Recipes from Lon and Stewart Lane:
Makes about 6 servings
- 10-ounce can limeade
- 10 ounces gin
- 1/2 can water (use limeade can)
- A touch of green food coloring
- 2 ounces Champagne to top (Prosecco or Sparkling Wine)
To make the cocktail:
Fill glass with crushed ice and pour in 4 ounces of gin mixture and top with 2 ounces of Champagne.
FRENCH POTATO SALAD
- 2 pounds new potatoes, unpeeled and cut into a 1/2-inch dice
- Chardonnay for splashing potatoes
- 1 cup whole black olives
- 2 tablespoons white wine vinegar
- 1 teaspoon Dijon mustard
- 6 tablespoons olive oil
- 3 tablespoons fresh dill, chopped OR 1 tablespoon dried dill
- Salt and pepper
- 1/2 cup green onion, thinly sliced
- 2 Roma tomatoes cut into a 1/2-inch dice
To make the salad:
Cook potatoes in salted boiling water until fork tender, drain and splash with chardonnay.

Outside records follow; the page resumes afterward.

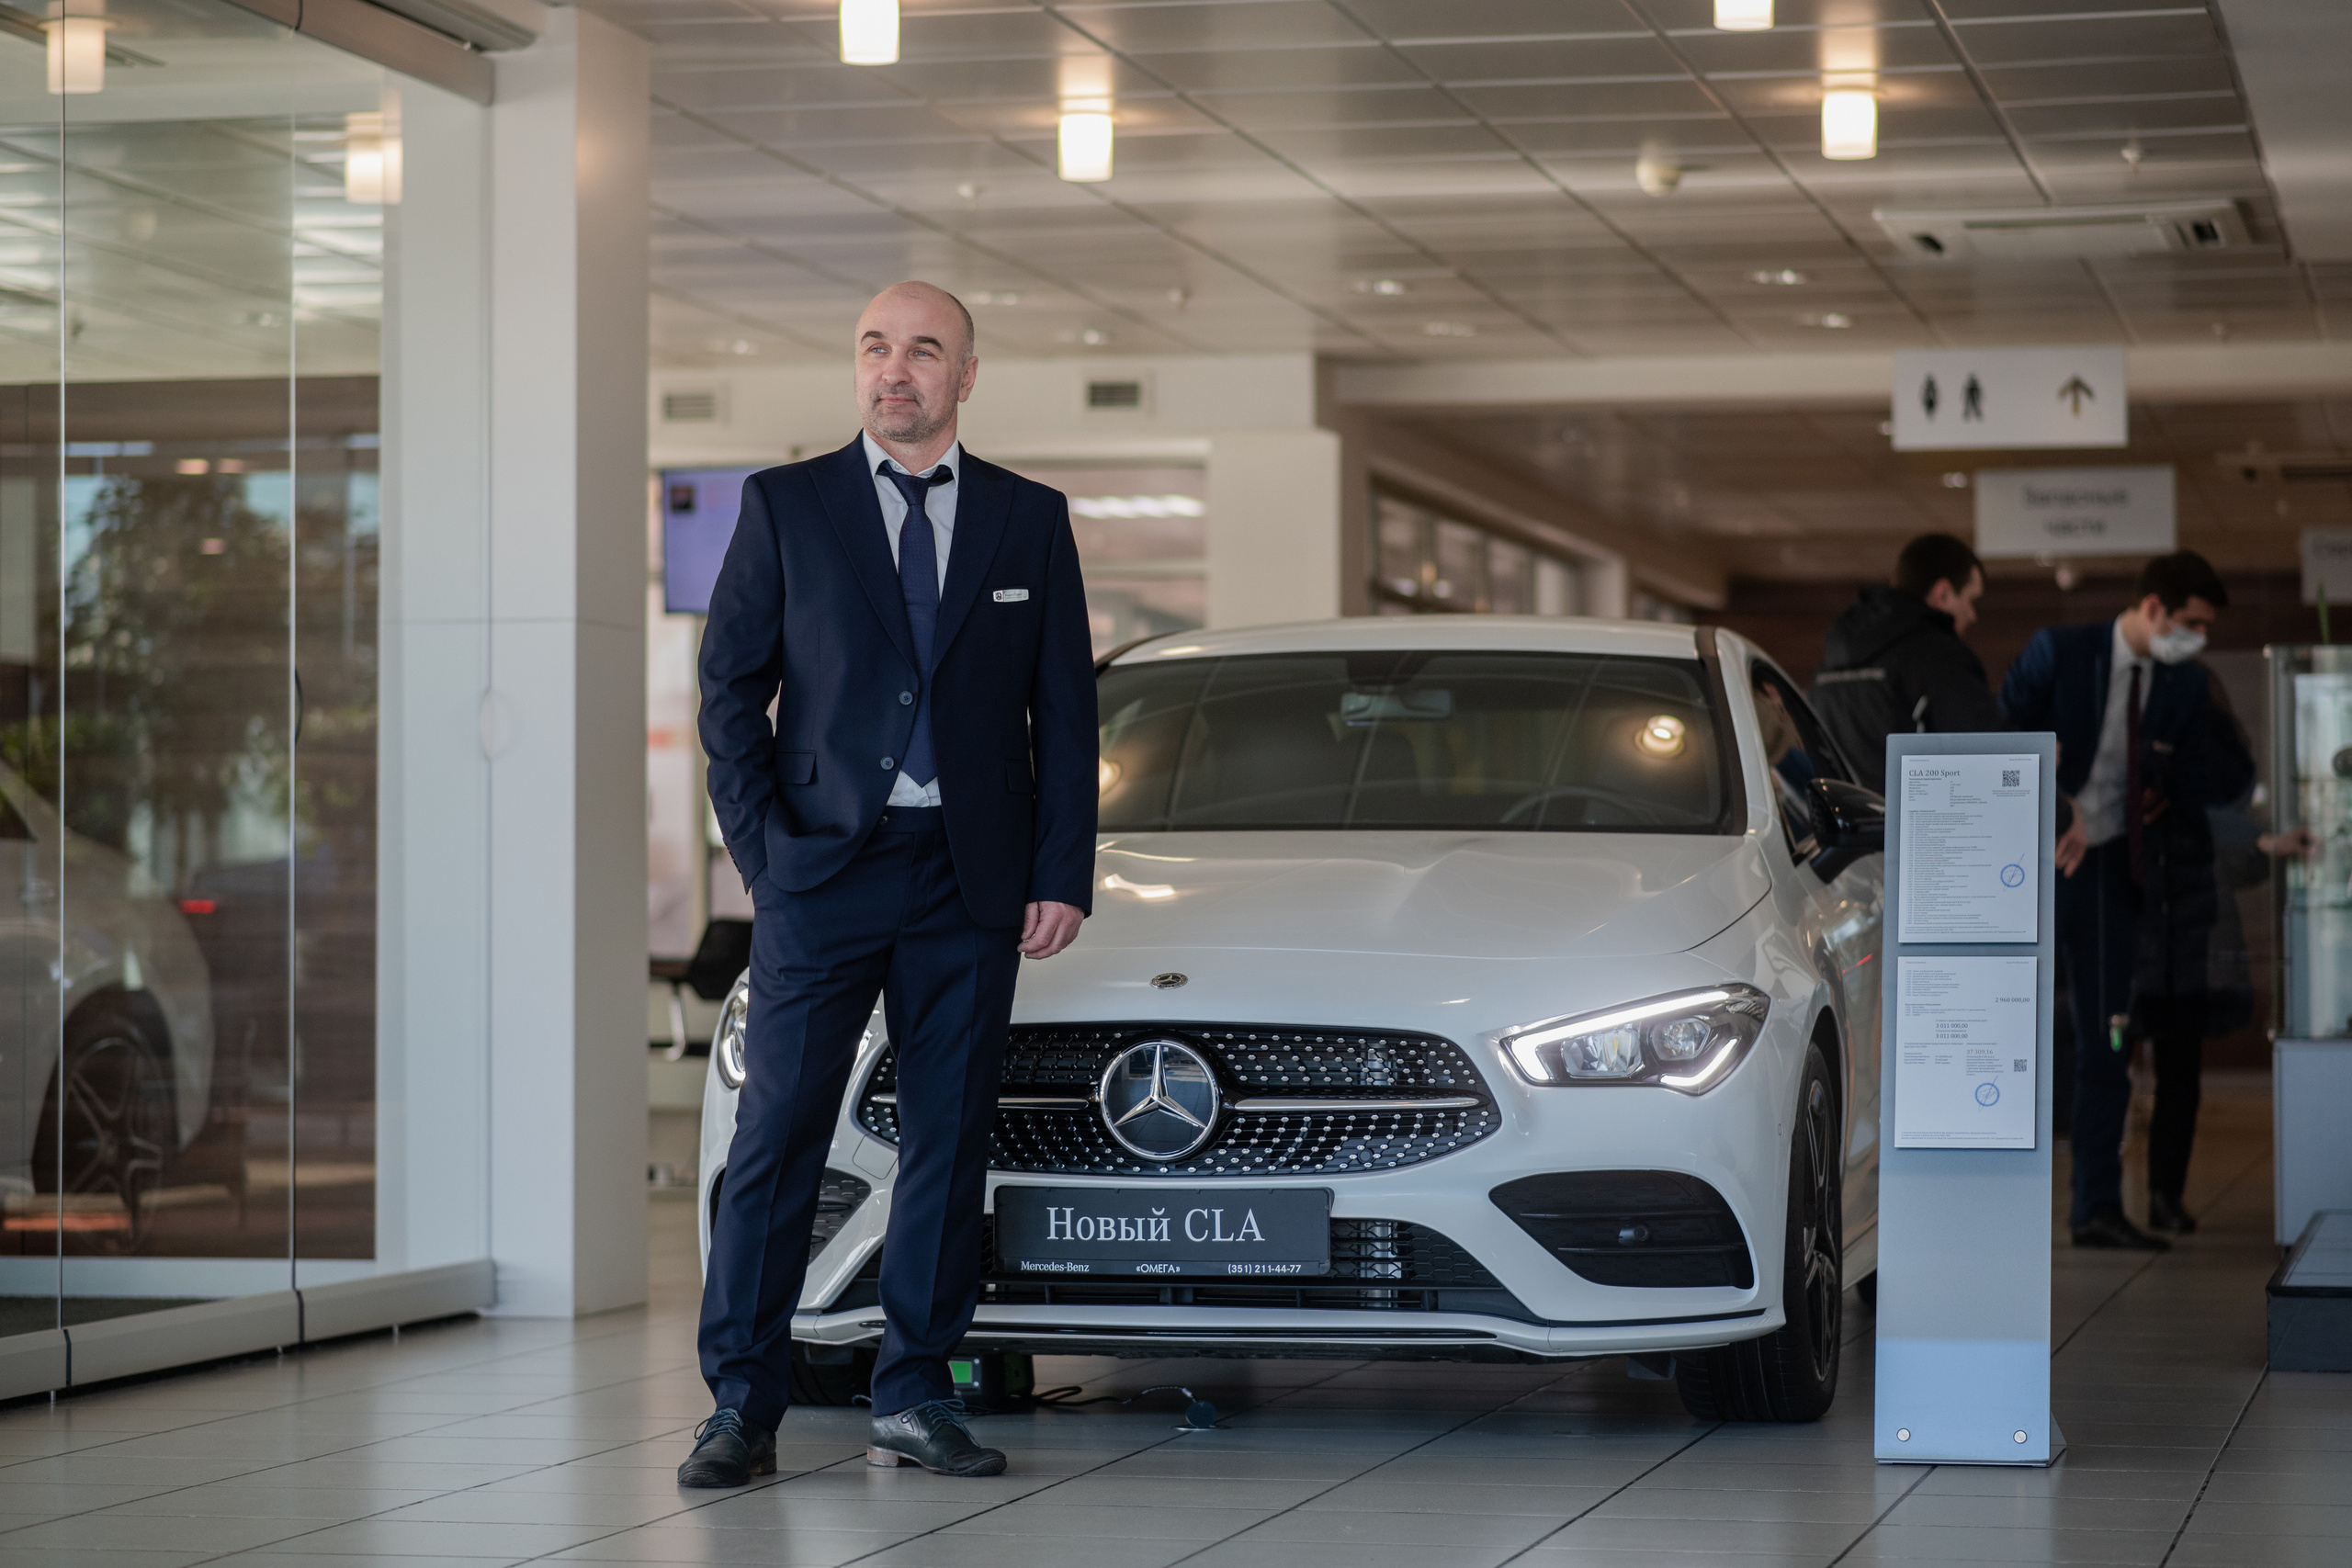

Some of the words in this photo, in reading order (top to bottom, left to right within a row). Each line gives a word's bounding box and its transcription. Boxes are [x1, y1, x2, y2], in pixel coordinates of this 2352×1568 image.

[1940, 770, 1961, 778] Sport
[1046, 1206, 1170, 1243] Новый
[1184, 1207, 1265, 1243] CLA
[1020, 1260, 1090, 1273] Mercedes-Benz
[1136, 1263, 1181, 1274] «ОМЕГА»
[1227, 1263, 1252, 1275] (351)
[1254, 1264, 1302, 1274] 211-44-77
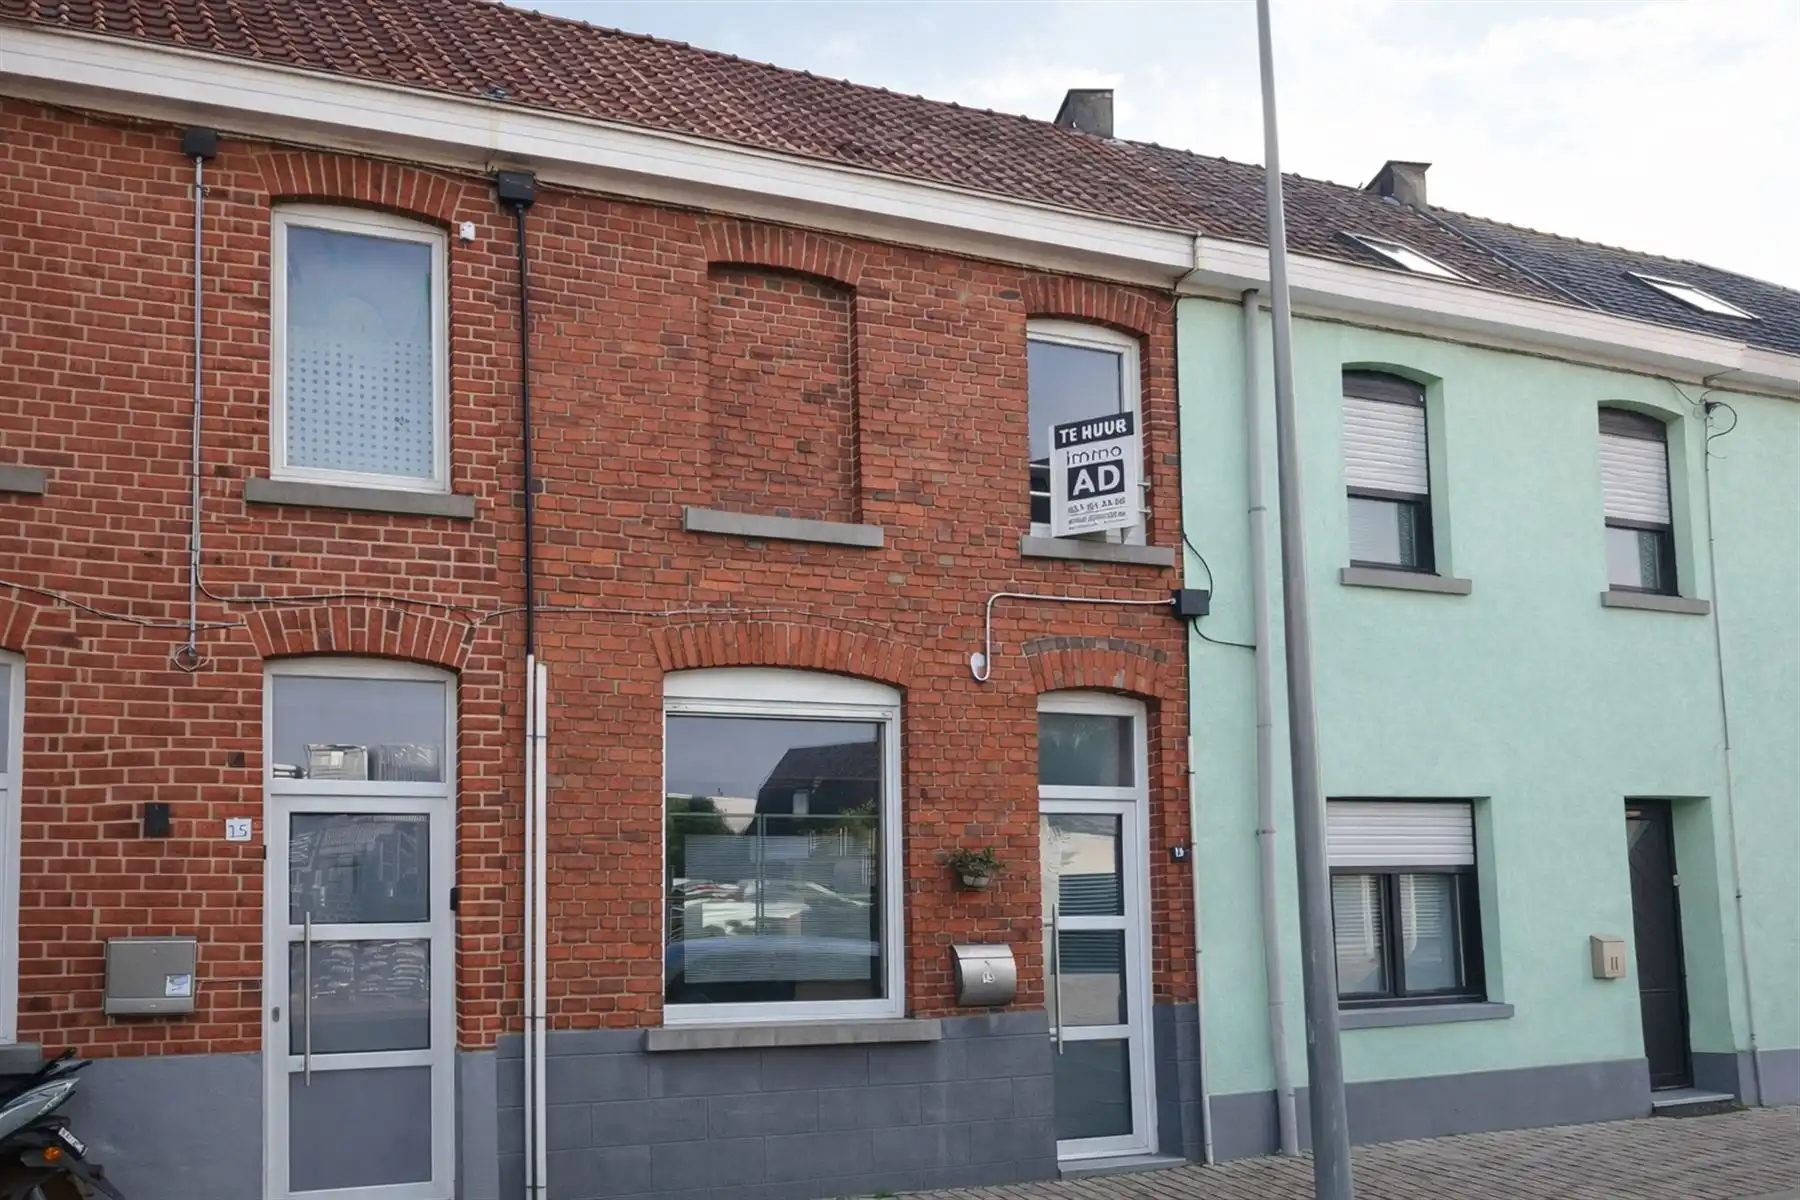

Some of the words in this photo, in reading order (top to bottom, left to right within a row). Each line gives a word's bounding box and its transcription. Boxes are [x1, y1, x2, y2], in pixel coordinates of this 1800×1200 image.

[1059, 427, 1077, 443] TE
[1081, 418, 1127, 440] HUUR
[1067, 446, 1122, 466] immo
[1072, 464, 1121, 496] AD
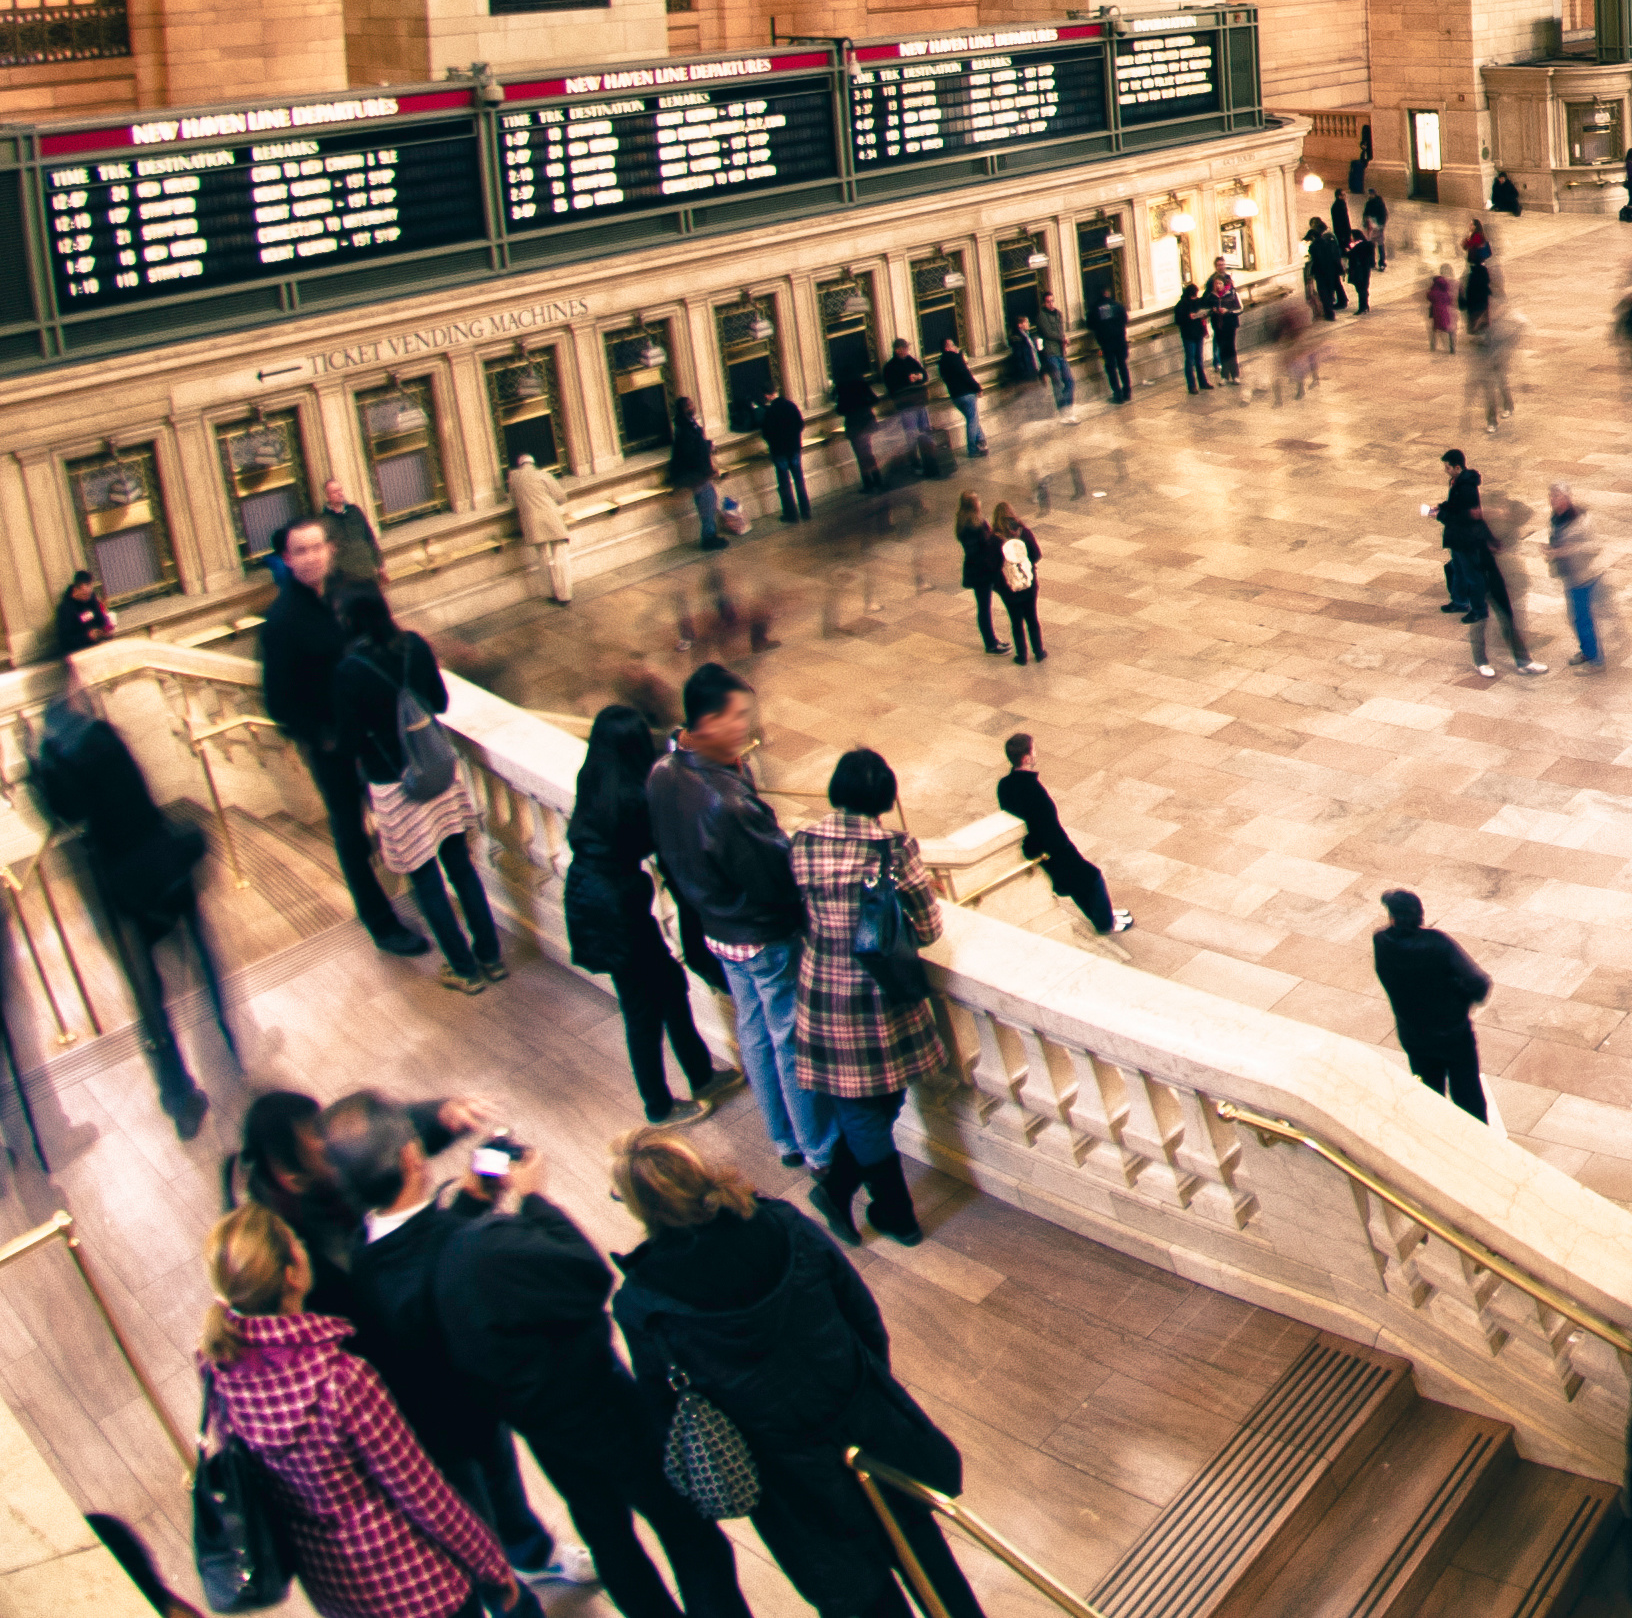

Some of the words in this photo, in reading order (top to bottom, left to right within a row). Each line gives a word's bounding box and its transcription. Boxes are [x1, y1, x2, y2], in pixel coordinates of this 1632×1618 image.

[899, 41, 928, 57] NEW
[928, 37, 968, 54] HAVEN
[968, 34, 995, 50] LINE
[994, 28, 1058, 47] DEPARTURES
[565, 76, 601, 94] NEW
[603, 70, 654, 90] HAVEN
[655, 66, 689, 83] LINE
[689, 58, 772, 80] DEPARTURES
[131, 120, 179, 144] NEW
[180, 113, 247, 139] HAVEN
[248, 108, 291, 131] LINE
[292, 97, 399, 126] DEPARTURES
[502, 113, 532, 128] TIME
[538, 109, 565, 124] TRK
[569, 100, 645, 120] DESTINATION
[658, 92, 710, 108] REMARKS
[50, 167, 90, 187] TIME
[98, 163, 132, 181] TRK
[137, 150, 235, 176] DESTINATION
[252, 141, 319, 161] REMARKS
[307, 341, 381, 375] TICKET
[386, 318, 484, 355] VENDING
[487, 296, 589, 333] MACHINES

Combine vinegar, mustard, olive oil and dill. Add to potatoes while still hot and then bring to room temperature. Add olives and let stand overnight in refrigerator.
Bring to room temperature the next day and add green onion and tomatoes. Check seasonings and add salt and pepper if necessary.